**Task:**
All of the data should be repeated exactly; pictures are not part of the copy.

[Free-text object descriptions]
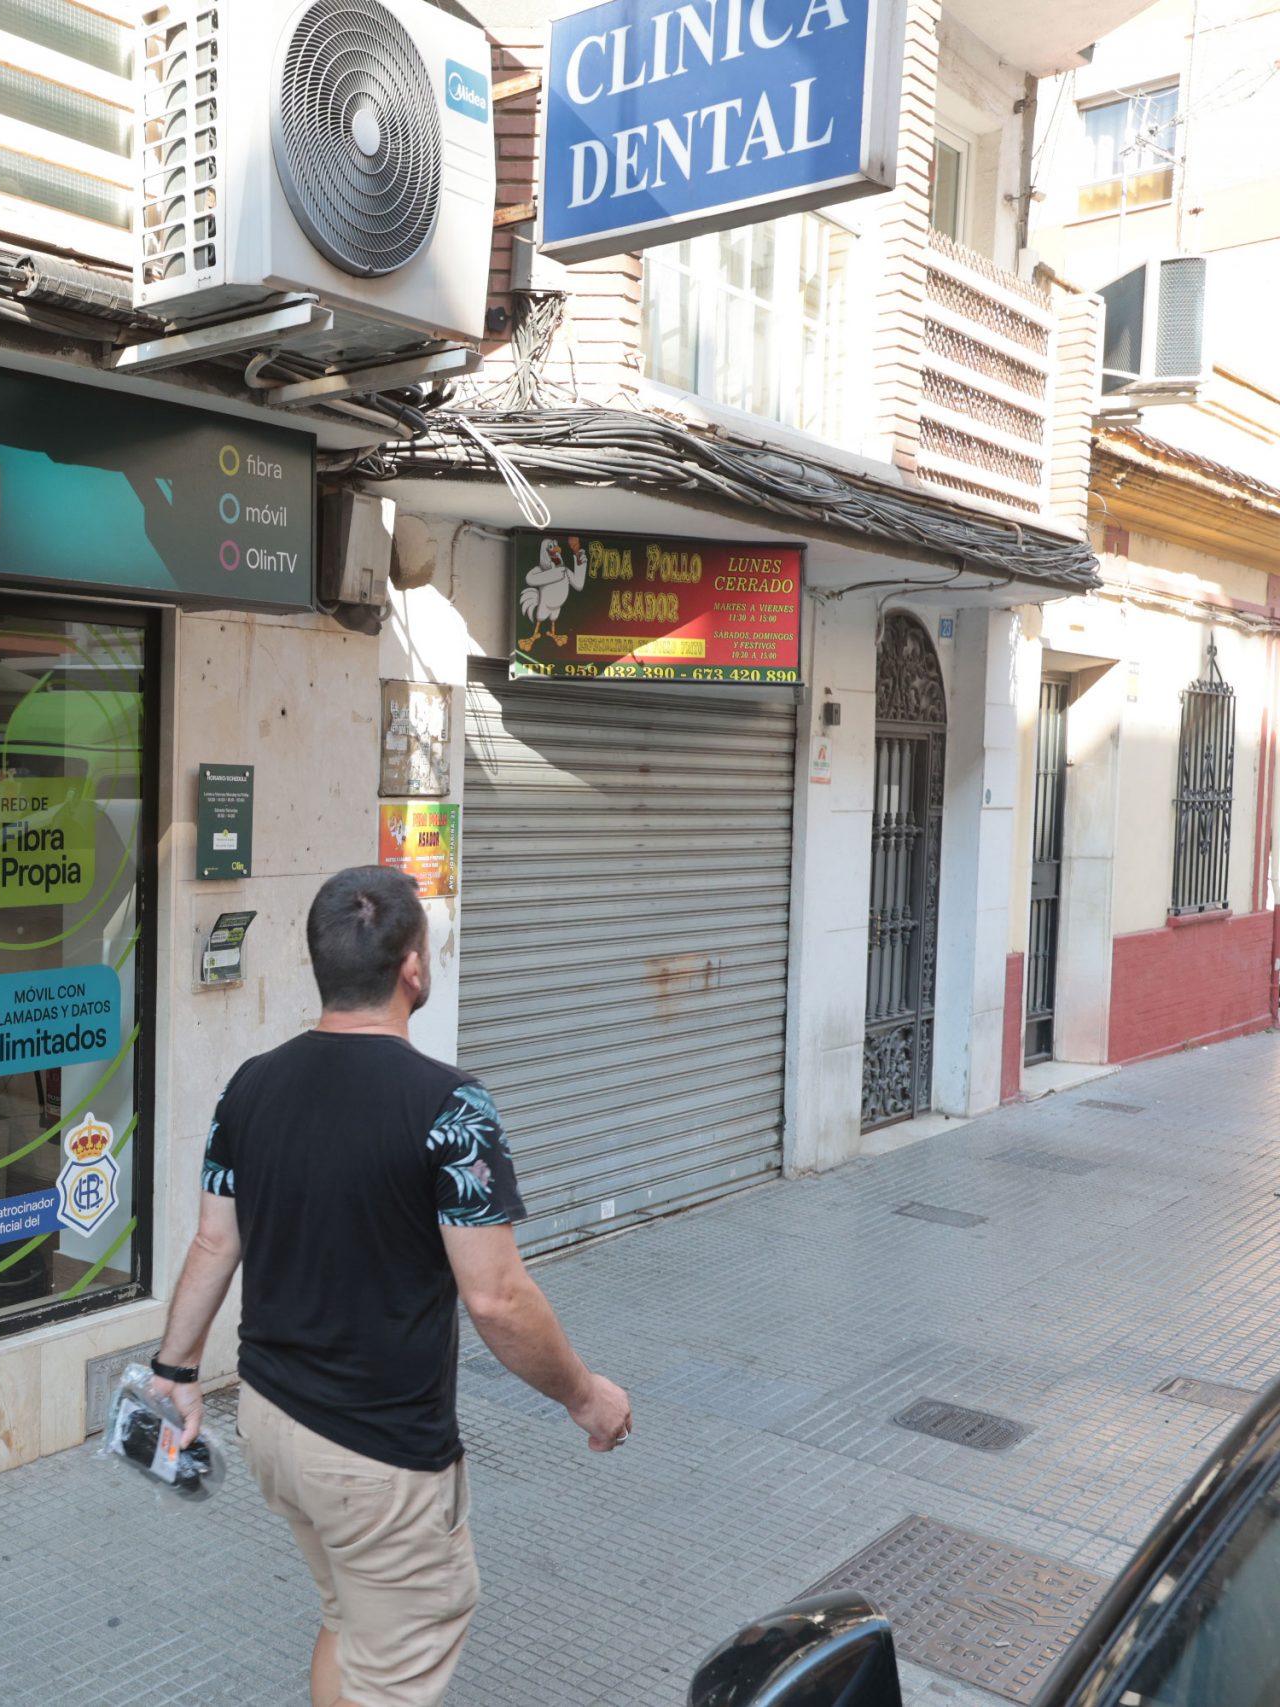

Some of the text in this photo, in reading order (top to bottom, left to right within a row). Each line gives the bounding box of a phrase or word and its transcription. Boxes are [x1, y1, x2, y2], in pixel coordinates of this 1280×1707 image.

[565, 0, 849, 106] CLINICA
[448, 70, 486, 110] Midea
[567, 77, 833, 209] DENTAL
[246, 454, 283, 479] fibra
[246, 503, 287, 527] móvil
[246, 549, 297, 574] OlinTV
[588, 541, 703, 584] PIDA POLLO
[728, 557, 782, 574] LUNES
[714, 576, 794, 594] CERRADO
[608, 590, 679, 623] ASADOR
[713, 602, 794, 613] MARTES A VIERNES
[740, 642, 777, 650] FESTIVOS
[753, 632, 794, 641] DOMINGOS
[565, 664, 598, 677] 959
[604, 665, 637, 678] 032
[643, 666, 675, 679] 390
[693, 667, 724, 680] 673
[730, 668, 761, 681] 420
[766, 669, 797, 682] 890
[1, 797, 49, 813] RED DE
[1, 820, 64, 852] Fibra
[418, 831, 440, 848] ASADOR
[1, 854, 81, 893] Propia
[14, 983, 86, 1005] MÓVIL CON
[59, 1004, 70, 1019] Y
[70, 999, 111, 1018] DATOS
[24, 1214, 40, 1229] del
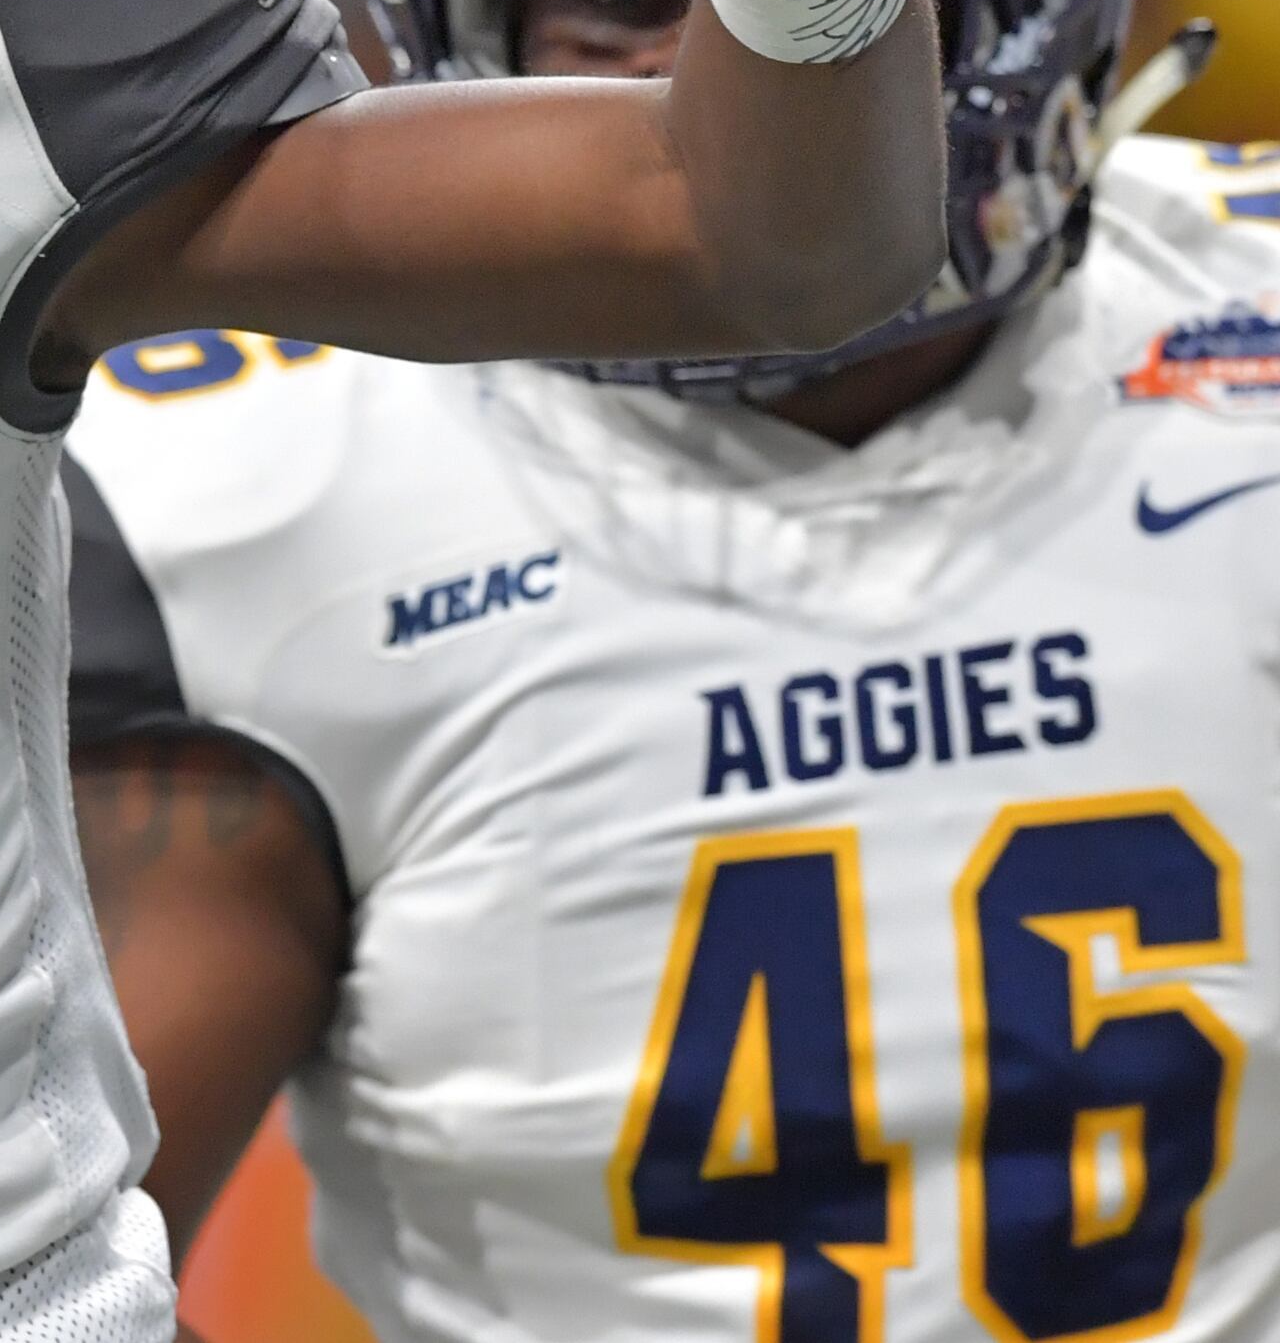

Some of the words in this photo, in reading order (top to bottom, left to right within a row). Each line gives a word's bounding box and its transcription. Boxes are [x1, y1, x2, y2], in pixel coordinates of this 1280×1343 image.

[384, 549, 561, 647] MEAC
[701, 631, 1099, 798] AGGIES
[607, 788, 1249, 1343] 46

**Answer section:**
Some of the text in this photo, in reading order (top to bottom, left to right within a row). Each line gives the bounding box of a phrase or word and its transcription. Boxes are [x1, y1, x2, y2], in pixel coordinates of this 1280×1707 image.

[565, 0, 849, 106] CLINICA
[448, 70, 486, 110] Midea
[567, 77, 833, 209] DENTAL
[246, 454, 283, 479] fibra
[246, 503, 287, 527] móvil
[246, 549, 297, 574] OlinTV
[588, 541, 703, 584] PIDA POLLO
[728, 557, 782, 574] LUNES
[714, 576, 794, 594] CERRADO
[608, 590, 679, 623] ASADOR
[713, 602, 794, 613] MARTES A VIERNES
[740, 642, 777, 650] FESTIVOS
[753, 632, 794, 641] DOMINGOS
[565, 664, 598, 677] 959
[604, 665, 637, 678] 032
[643, 666, 675, 679] 390
[693, 667, 724, 680] 673
[730, 668, 761, 681] 420
[766, 669, 797, 682] 890
[1, 797, 49, 813] RED DE
[1, 820, 64, 852] Fibra
[418, 831, 440, 848] ASADOR
[1, 854, 81, 893] Propia
[14, 983, 86, 1005] MÓVIL CON
[59, 1004, 70, 1019] Y
[70, 999, 111, 1018] DATOS
[24, 1214, 40, 1229] del

Some of the words in this photo, in reading order (top to bottom, left to right within a row). Each line gives a word's bounding box and its transcription. Boxes are [x1, y1, x2, y2], in pixel coordinates of this 1280×1343 image.

[384, 549, 561, 647] MEAC
[701, 631, 1099, 798] AGGIES
[607, 788, 1249, 1343] 46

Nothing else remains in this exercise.